Close to You
Co-written by director Dominic Savage alongside star and producer Elliot Page, Close to You sees Sam (Page) return to Toronto for his father’s birthday. It’s the first time that Sam has been back since his transition, and he’s understandably reluctant to reunite with his parents and siblings, afraid of how they’ll react. On the train back to his small hometown he bumps into an old friend, Katherine (Hillary Baack), and an old spark is reignited. As Sam clashes with some less-tolerant relatives, his encounters with Katherine become a space where he can escape the chaos and be happy.
While Page gives a strong performance in this well-intentioned family drama, the lack of chemistry between Page and Baack, coupled with the overall flatness of the family’s interactions, leaves this film feeling hollow.
Part of this is due to the mixed success of the improvised dialogue. Though the intent was likely to create a naturalistic feeling, the result is more often the opposite. Page is best able to react on the spot to the lines the other actors feed him without losing the momentum of the scene. It’s his emotionally charged challenges to thinly veiled transphobic remarks that make for the most powerful moments in the movie.

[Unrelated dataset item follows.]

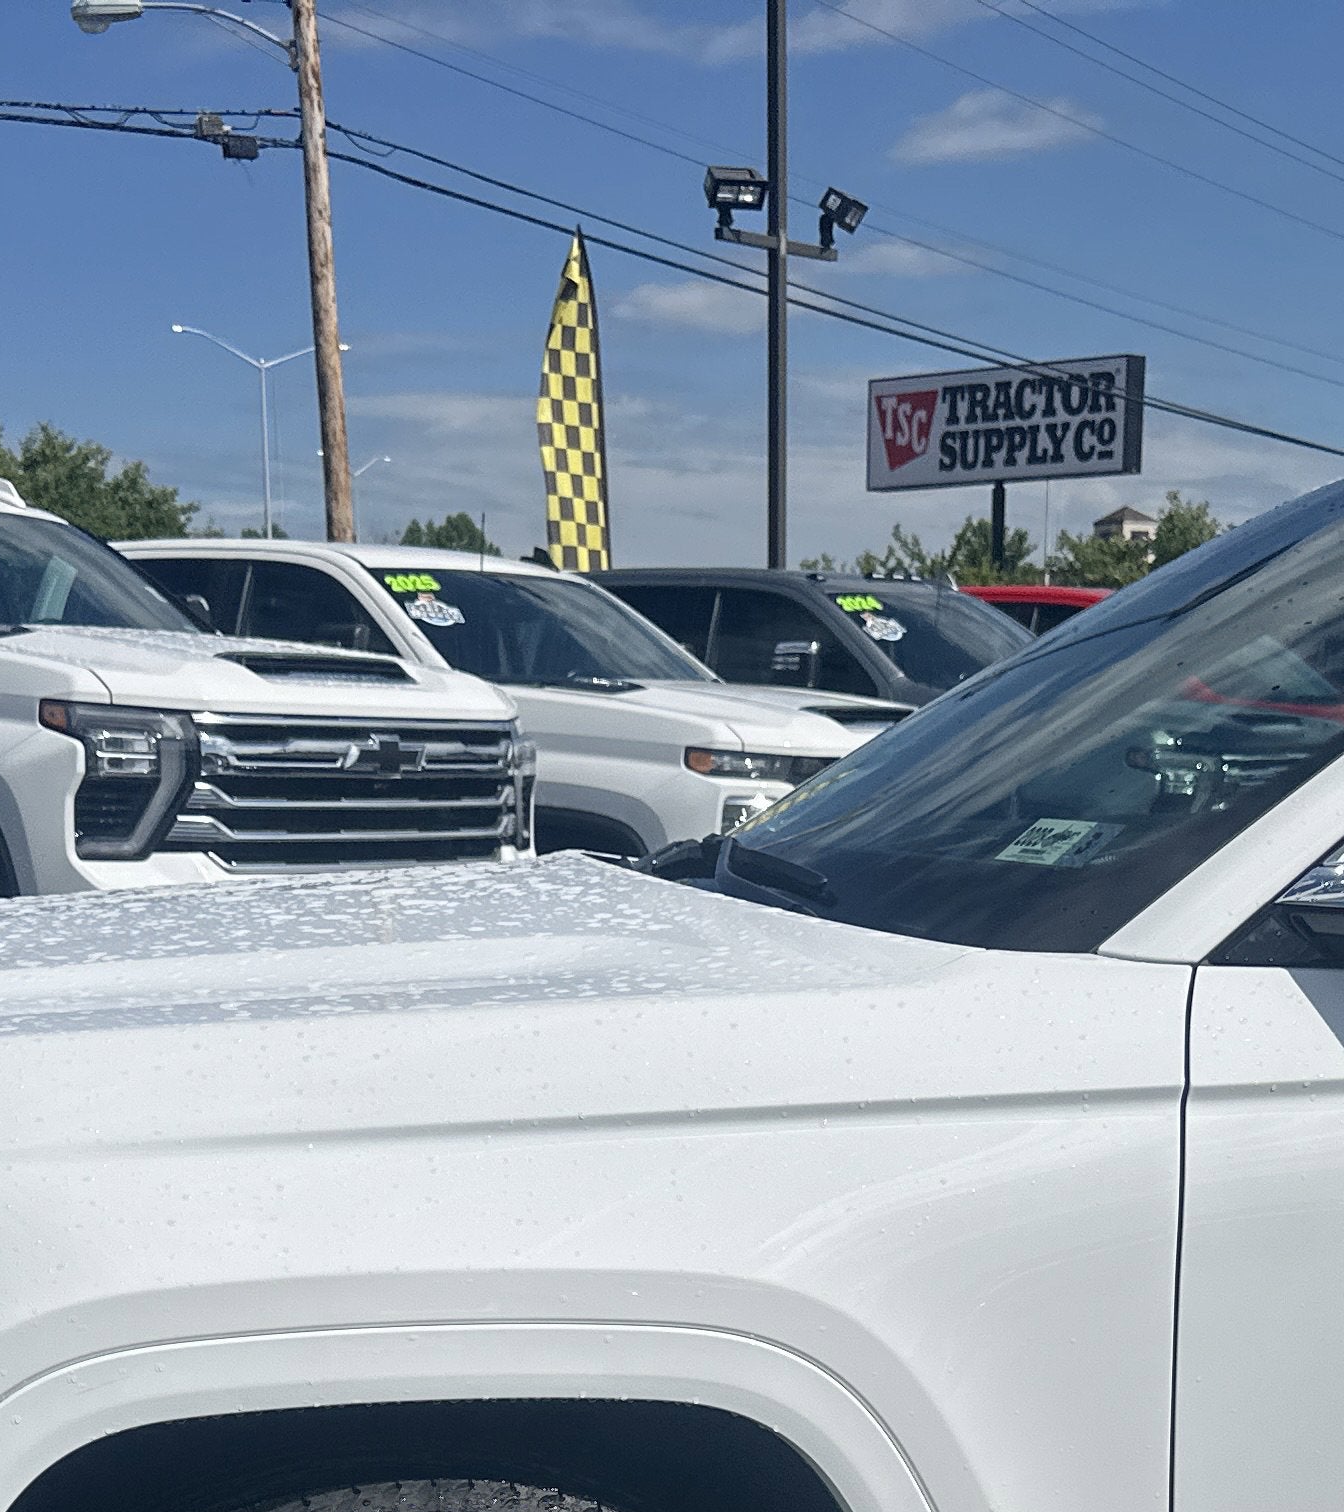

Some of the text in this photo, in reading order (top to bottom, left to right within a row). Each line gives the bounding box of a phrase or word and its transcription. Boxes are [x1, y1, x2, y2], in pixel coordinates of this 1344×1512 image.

However, some of the other actors aren’t as proficient with improvising as Page. Consequently, many scenes become a jumble of actors talking over each other without seeming to know what to do. It’s stilted and awkward, and ultimately detracts from the story Page and Savage want to tell.
Another of this feature’s issues is that it doesn’t know how to handle Sam and Katherine’s romantic subplot. Alongside the pair sharing very little onscreen chemistry together, the scenes with them together are few and far between and never move the narrative forward in meaningful ways. It’s only towards the end that something substantial happens between the pair, and even then the move comes from out of nowhere. Again, it’s Page’s committed performance that manages to breathe a degree of humanity into these instances.
Despite Page effortlessly carrying most of this film on their own, Close to You, unfortunately, misses the mark because of mishandled improv and a subplot that could have been cut.